Series of research initiatives

A series of research initiatives aimed at understanding the shopper in all aspects of her life will help us to arrive at the correct marketing decision. The research should include the following components:

Ethnographic research with the consumer to understand how she decides, uses and replenishes the category of interest. This should be an intensive review of her life, with and around the category of interest. How does she think about the category? How does she (and her family) use the category? Who influences the purchase? How do they influence the purchase? What substitutions are made within the category and are these substitutions deemed acceptable?

The insight from this phase of the research drives our product development, marketing and planogram design exploration.
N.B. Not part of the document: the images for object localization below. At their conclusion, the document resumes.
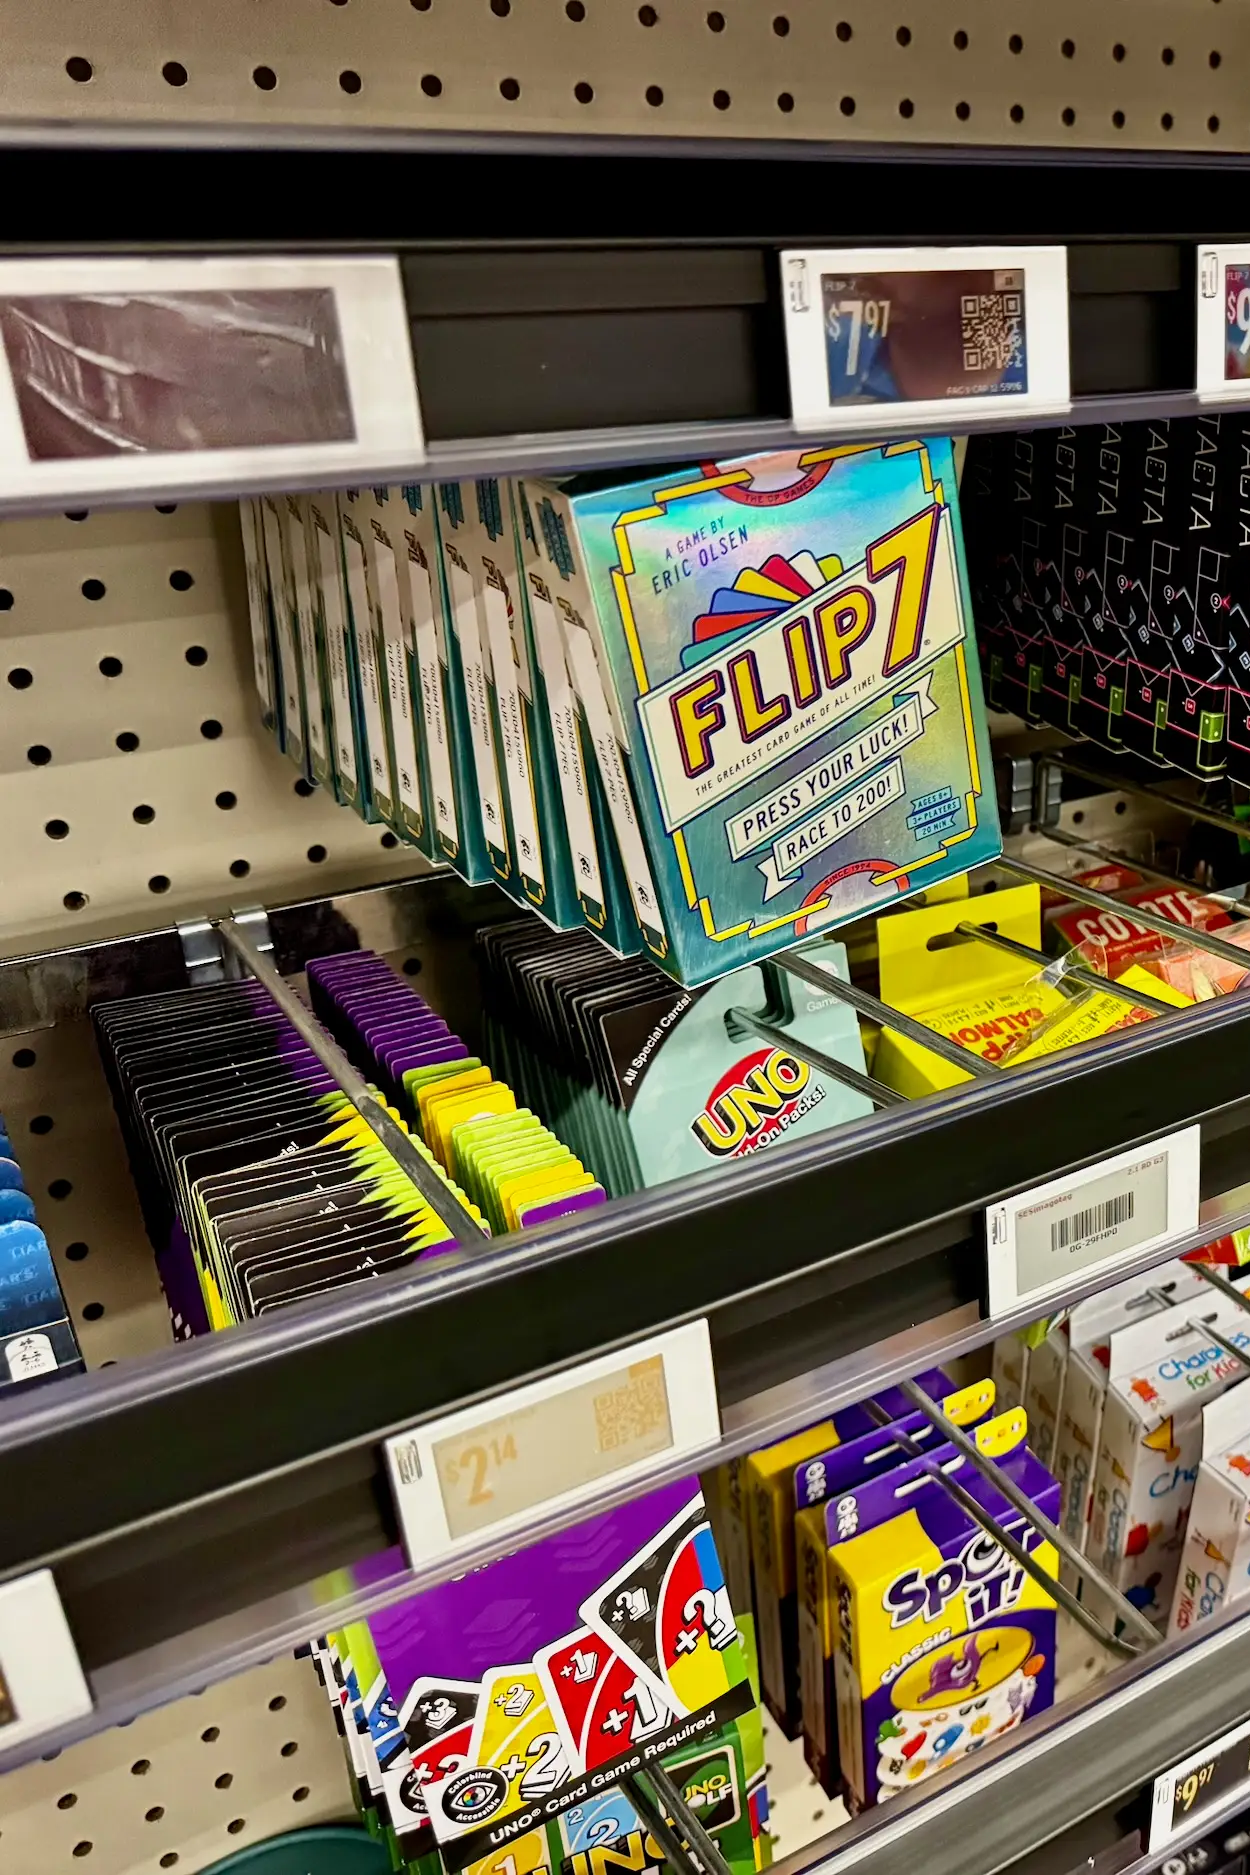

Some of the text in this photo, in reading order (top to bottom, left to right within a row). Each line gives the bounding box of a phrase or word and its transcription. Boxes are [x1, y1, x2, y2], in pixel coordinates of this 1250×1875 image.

[744, 493, 765, 504] THE
[783, 478, 815, 502] GAMES
[1096, 422, 1122, 516] ACTA
[652, 525, 750, 595] ERIC OLSEN
[664, 516, 725, 561] A GAME BY
[669, 502, 942, 780] FLIP 7
[696, 674, 877, 797] THE GREATEST CARD GAME OF ALL TIME!
[743, 713, 909, 841] PRESS YOUR LUCK!
[916, 794, 937, 810] AGES
[786, 775, 894, 861] RACE TO 200!
[921, 824, 932, 836] 20
[923, 799, 958, 823] PLAYERS
[824, 868, 849, 886] SINCE
[622, 993, 692, 1087] All Special Cards!
[695, 1049, 812, 1155] UNO
[781, 1083, 828, 1133] Packs!
[1186, 1367, 1214, 1392] for
[880, 1626, 953, 1686] CLASSIC
[447, 1770, 493, 1796] Colorblind
[545, 1783, 588, 1813] Card
[590, 1754, 642, 1788] Game
[641, 1708, 719, 1761] Required
[455, 1796, 507, 1824] Accessible
It also provides insights into the pleasures and pains that exist with the category and drives an in-depth understanding of how the consumer acts upon them.
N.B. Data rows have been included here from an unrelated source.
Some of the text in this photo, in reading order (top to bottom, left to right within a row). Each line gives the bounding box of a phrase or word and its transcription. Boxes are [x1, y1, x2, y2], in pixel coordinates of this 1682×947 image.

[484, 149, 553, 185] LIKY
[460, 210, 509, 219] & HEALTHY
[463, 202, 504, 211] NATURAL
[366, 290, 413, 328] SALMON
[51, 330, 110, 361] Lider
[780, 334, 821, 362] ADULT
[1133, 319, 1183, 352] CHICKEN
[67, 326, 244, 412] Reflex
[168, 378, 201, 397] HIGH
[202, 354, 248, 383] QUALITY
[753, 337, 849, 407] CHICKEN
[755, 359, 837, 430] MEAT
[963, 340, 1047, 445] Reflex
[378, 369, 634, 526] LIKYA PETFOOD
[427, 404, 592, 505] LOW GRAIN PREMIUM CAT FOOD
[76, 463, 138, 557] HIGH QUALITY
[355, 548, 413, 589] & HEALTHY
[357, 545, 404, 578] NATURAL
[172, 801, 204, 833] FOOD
Ideation to explore how to enhance the pleasures and minimize (or eliminate) the pains is the natural extension of ethnography findings. This phase of the insight planning process allows the marketing team to drive new ideas that will meet the shopper’s needs. The goal is to use the information gathered in the ethnography to drive new (or extended) product, promotion and planogram offerings that help make the shopper’s life easier by lessening the disconnect between consumer attitudes and actual behavior.

We are seeking to help the shopper reduce the dissonance between what she wants to buy and the desires and wants of those for whom she is shopping. When we make our brands meet the needs of her and her family, we have made the brand a more crucial aspect of her life. This leads to increased loyalty to the brand and generally higher velocity.
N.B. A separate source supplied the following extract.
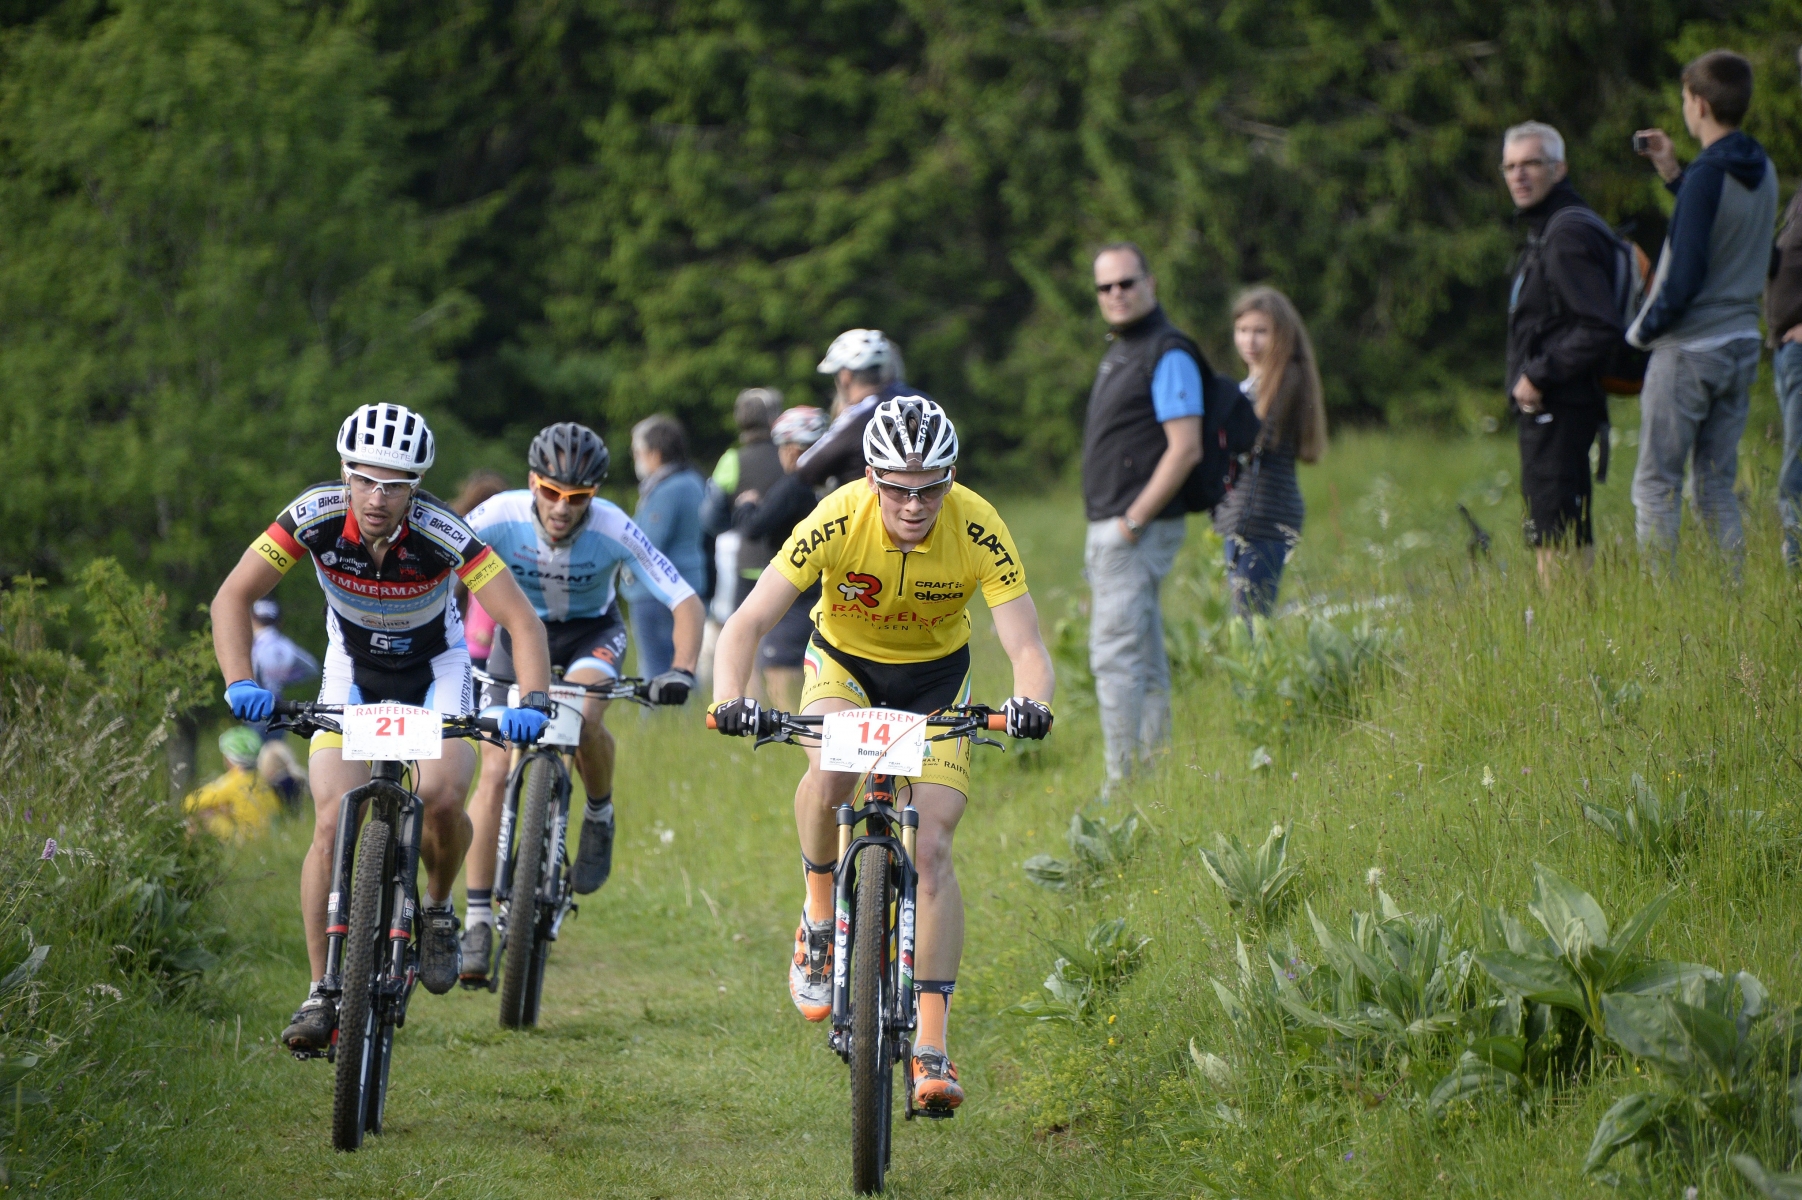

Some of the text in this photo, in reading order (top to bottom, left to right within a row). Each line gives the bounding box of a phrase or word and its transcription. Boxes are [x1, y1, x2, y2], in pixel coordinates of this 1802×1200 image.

Validation research to understand if the ideas generated fulfill the needs that were identified in the ethnographic research. This may include both qualitative and quantitative research.

The qualitative research may take the form of a concept refinement exercise. This is an iterative process in which small groups of target consumers review concepts and provide input about how to improve those concepts to meet a specific shopper need. During this process, concepts are rewritten and re-illustrated based on what the shoppers want from the product. At the end of a couple of groups, a breakdown session with the marketing team to further refine concepts is included. The breakdown process uses the consumer input to further enhance the concepts. These enhanced concepts go through this same process again to fine-tune the offerings.

Once the concepts are complete, they are taken back to the consumer again through quantitative concept testing to understand which of the offerings meet the needs of consumers. The most impactful concepts are then taken into simulated shopping environments (either in vivo or online). The specific approach will be driven by the need of this component of the insight planning process.

The in vivo testing of the concepts is an important part of the process to tie learnings back to the initial research - in-store ethnography. Understanding reactions to the new product on the shelf drives minor refinements to the product but more importantly, it drives the quantitative testing through placement options and the type of in-store promotions that may be most impactful on purchase.

Generally, understanding shoppers’ reactions to pricing, promotion and planograms is achieved through an online test of the concepts inserted among the existing category. By varying price, point-of-sale and placement combined with good category knowledge, we can understand the volume of the new product.

A more complete picture

Product and category management must be driven by what the shopper expects and her attitudes, blended with how the person who ultimately consumes it uses the product. This shopping experience information provides a more complete picture of how to market products to make them successful at retail.